Friday, August 24, 2012

Truthiness making it hard to vote


n 2005, cable TV comedian Stephen Colbert created the stunt word “truthiness.” It means anything that must be true simply because it feels true, regardless of evidence, logic or facts. Truthiness has been deemed an acceptable word by the Merriam-Webster Dictionary and the editors of the New York Times crossword puzzle. Now, truthiness is also driving real policy and threatening democracy.
    During the 2008 election, hundreds of thousands of voters who had never registered or voted before took to the polls. Truthiness says that just didn’t feel right. So, encouraged by the American Legislative Exchange Council, many states imposed new burdensome voting requirements.
    In the past two years, according to the American Civil Liberties Union, more than 30 states considered laws that would require voters to present government-issued photo IDs in order to vote. Three additional states passed laws to require documentary proof of citizenship to register to vote, though as many as 7 percent of American citizens do not have such proof.

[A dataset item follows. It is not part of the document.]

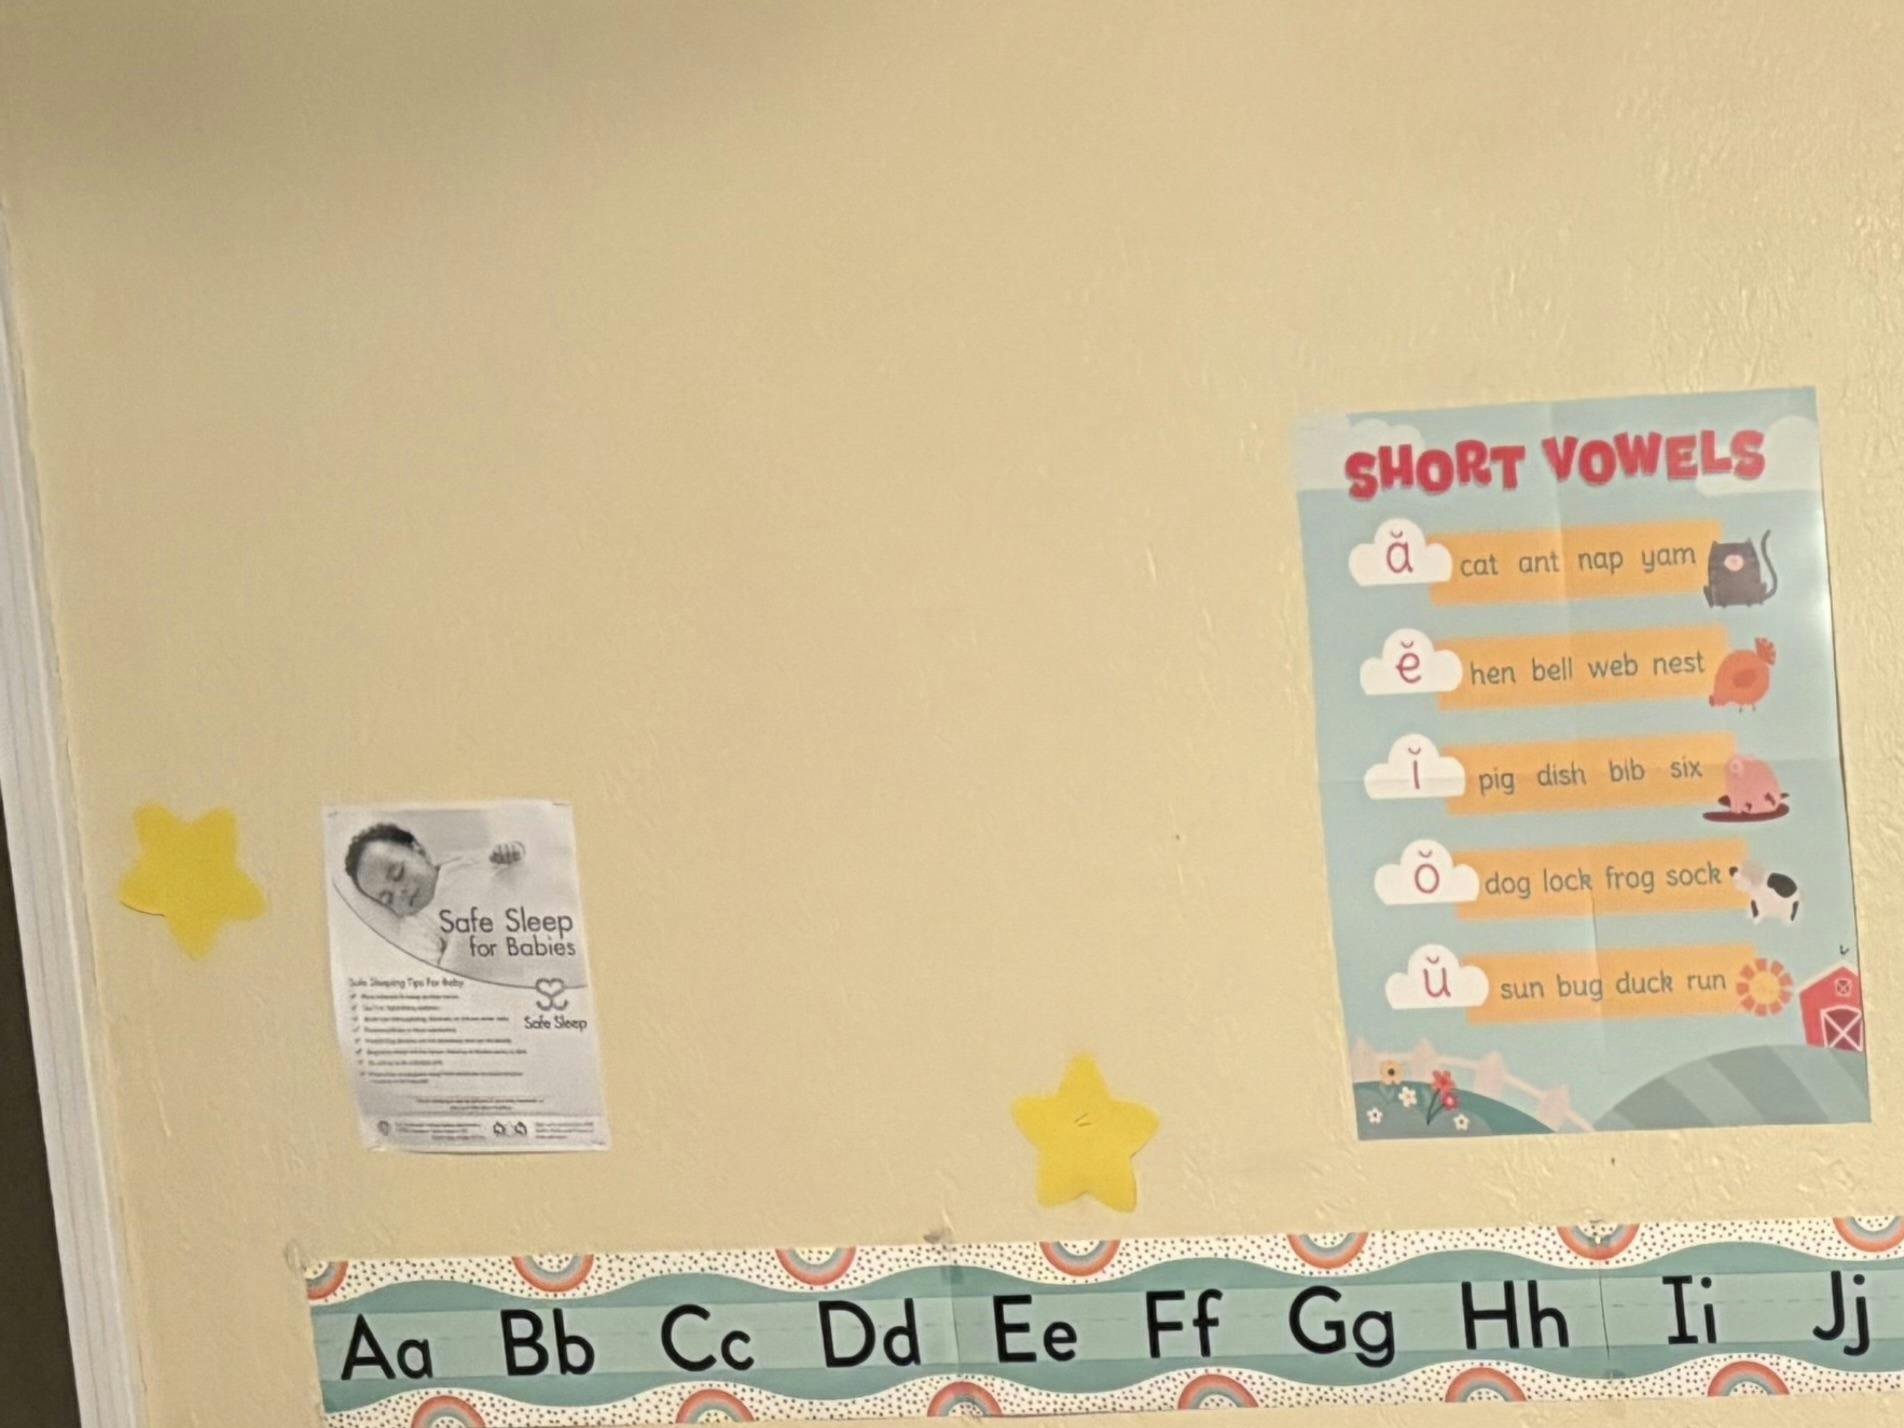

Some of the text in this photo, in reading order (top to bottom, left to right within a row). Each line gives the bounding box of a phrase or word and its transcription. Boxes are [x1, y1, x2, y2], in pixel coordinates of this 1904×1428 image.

    Seven states shortened early voting timeframes even though more than 30 percent of all votes cast in the 2008 general election were cast before Election Day. Two state legislatures voted to repeal Election Day registration laws, though Election Day registration increases voter turnout by 10 to 12 percent. Two states passed legislation making it much more difficult for third-party organizations to register voters
    It feels truthy that people should prove their identity in order to ensure that elections are not skewed by voter fraud. Yet, despite isolated cases of voter impropriety, there is no evidence of massive voter fraud of the kind that could affect a national election.
    These laws simply amount to voter suppression, a kind of government-initiated fraud whose victims are the American people. In Pennsylvania, 768,000 citizens currently lack the proper identification to vote. If all those citizens did try to obtain that ID, the state could not produce enough documents by Nov. 6.
    Most people assume that efforts to deny the vote are from long ago, a time of poll taxes and literacy tests and the assignment of old, broken-down voting machines to poor inner-city precincts so lines would be long and people would leave without voting. If America is committed to remaining a democracy, however, we must acknowledge President Lyndon Johnson’s truth at the signing of the Voter Rights Act of 1965. He said, “This right to vote is the basic right by which all others without it are meaningless.”         Truthiness aside, the facts show that unless the courts act to stop these new laws, voters throughout the country will return to a time that should be dead and buried.